Namun, pendidikan sering kali terjebak dalam sistem yang hanya berorientasi pada angka dan hasil akademik. Konsep "banking education" yang dikritik oleh Freire, di mana siswa dianggap sebagai wadah pasif yang diisi pengetahuan, masih banyak diterapkan. Model pendidikan ini tidak mendukung pengembangan pemikiran kritis atau kreativitas yang diperlukan untuk emansipasi. Dalam masyarakat yang kompleks, pendidikan perlu menciptakan agen perubahan sosial. Pendidikan karakter yang menekankan nilai-nilai seperti keadilan, empati, dan kolaborasi dapat menjadi fondasi bagi masyarakat yang lebih inklusif. Kurikulum Merdeka yang saat ini diterapkan di Indonesia, dengan fleksibilitasnya, memberikan peluang bagi guru untuk menyisipkan materi yang relevan dengan kebutuhan lokal, termasuk di Dompu.
Pentingnya pendidikan sebagai alat emansipasi juga terlihat dari kemampuannya memberdayakan kelompok-kelompok yang terpinggirkan.
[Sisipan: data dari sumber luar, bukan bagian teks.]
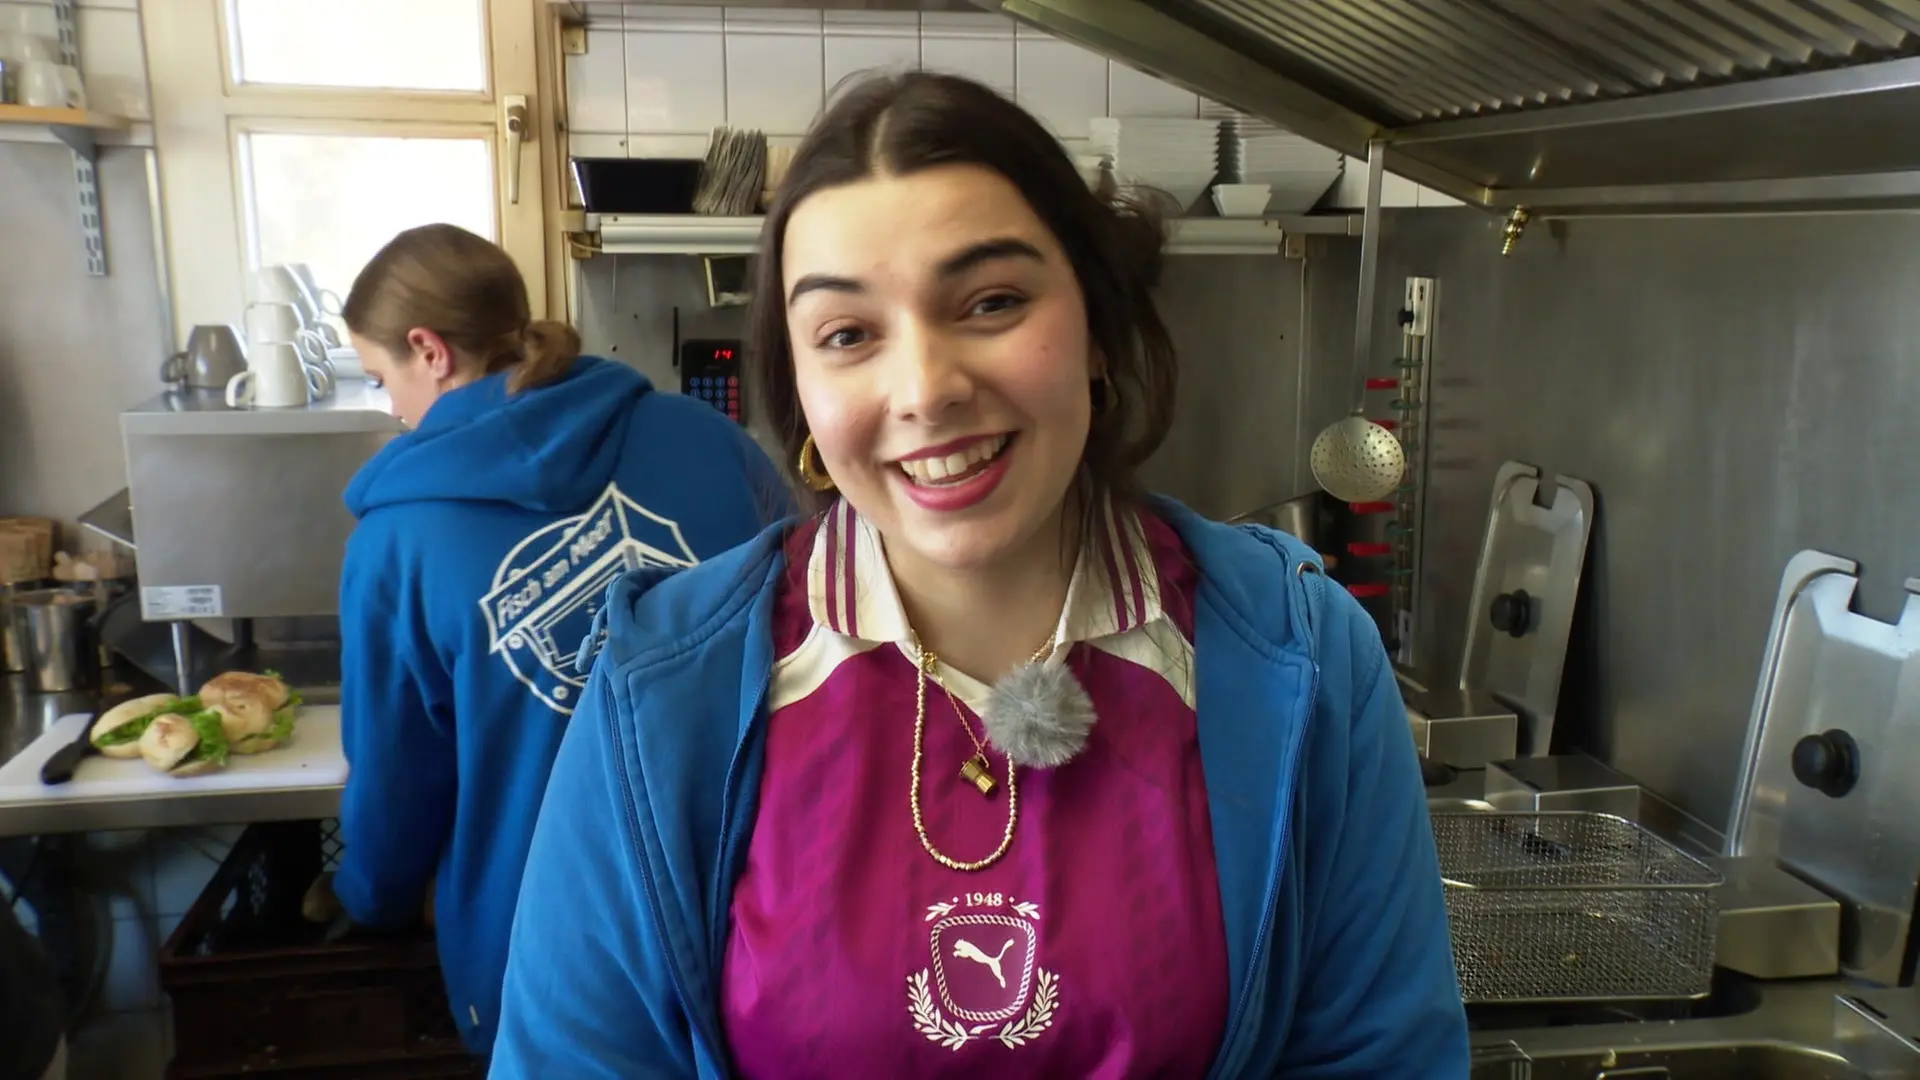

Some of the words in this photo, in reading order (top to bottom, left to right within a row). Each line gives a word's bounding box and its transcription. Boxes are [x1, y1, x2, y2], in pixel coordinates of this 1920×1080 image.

[498, 580, 541, 628] Fisch
[544, 559, 569, 587] am
[966, 892, 1003, 907] 1948
Misalnya, pendidikan berbasis gender yang memperjuangkan kesetaraan hak perempuan. Di Dompu, inisiatif lokal yang melibatkan perempuan dalam pendidikan telah menunjukkan dampak positif terhadap kesejahteraan komunitas. Teknologi memainkan peran penting dalam memperluas akses pendidikan. Dengan memanfaatkan teknologi digital, pendidikan dapat menjangkau daerah-daerah terpencil dan membuka peluang belajar yang lebih luas. Namun, teknologi juga harus digunakan dengan bijak agar tidak hanya menjadi alat reproduksi ketimpangan, tetapi juga sebagai sarana pembebasan.
Emansipasi melalui pendidikan bukan hanya tugas sekolah, tetapi juga tanggung jawab bersama antara pemerintah, masyarakat, dan keluarga. Lingkungan belajar yang inklusif, dukungan kebijakan yang berpihak pada pendidikan, serta partisipasi aktif masyarakat sangat diperlukan untuk mencapai tujuan ini. Namun, tantangan tetap ada. Anggaran pendidikan yang terbatas, infrastruktur yang belum memadai, dan kualitas tenaga pendidik yang beragam menjadi kendala utama. Meski demikian, semangat untuk menggunakan pendidikan sebagai alat pembebasan tidak boleh pudar.
Pendidikan adalah hak asasi manusia yang mendasar. Dengan memastikan akses pendidikan yang berkualitas untuk semua, kita tidak hanya menciptakan individu yang cerdas, tetapi juga masyarakat yang lebih adil dan bermartabat. Sebagai penutup, pendidikan sebagai alat emansipasi adalah harapan yang dapat diwujudkan melalui sinergi berbagai pihak. Seperti yang dikatakan Nelson Mandela, "Pendidikan adalah senjata paling ampuh yang dapat Anda gunakan untuk mengubah dunia." Mari kita manfaatkan senjata ini untuk menciptakan masa depan yang lebih baik.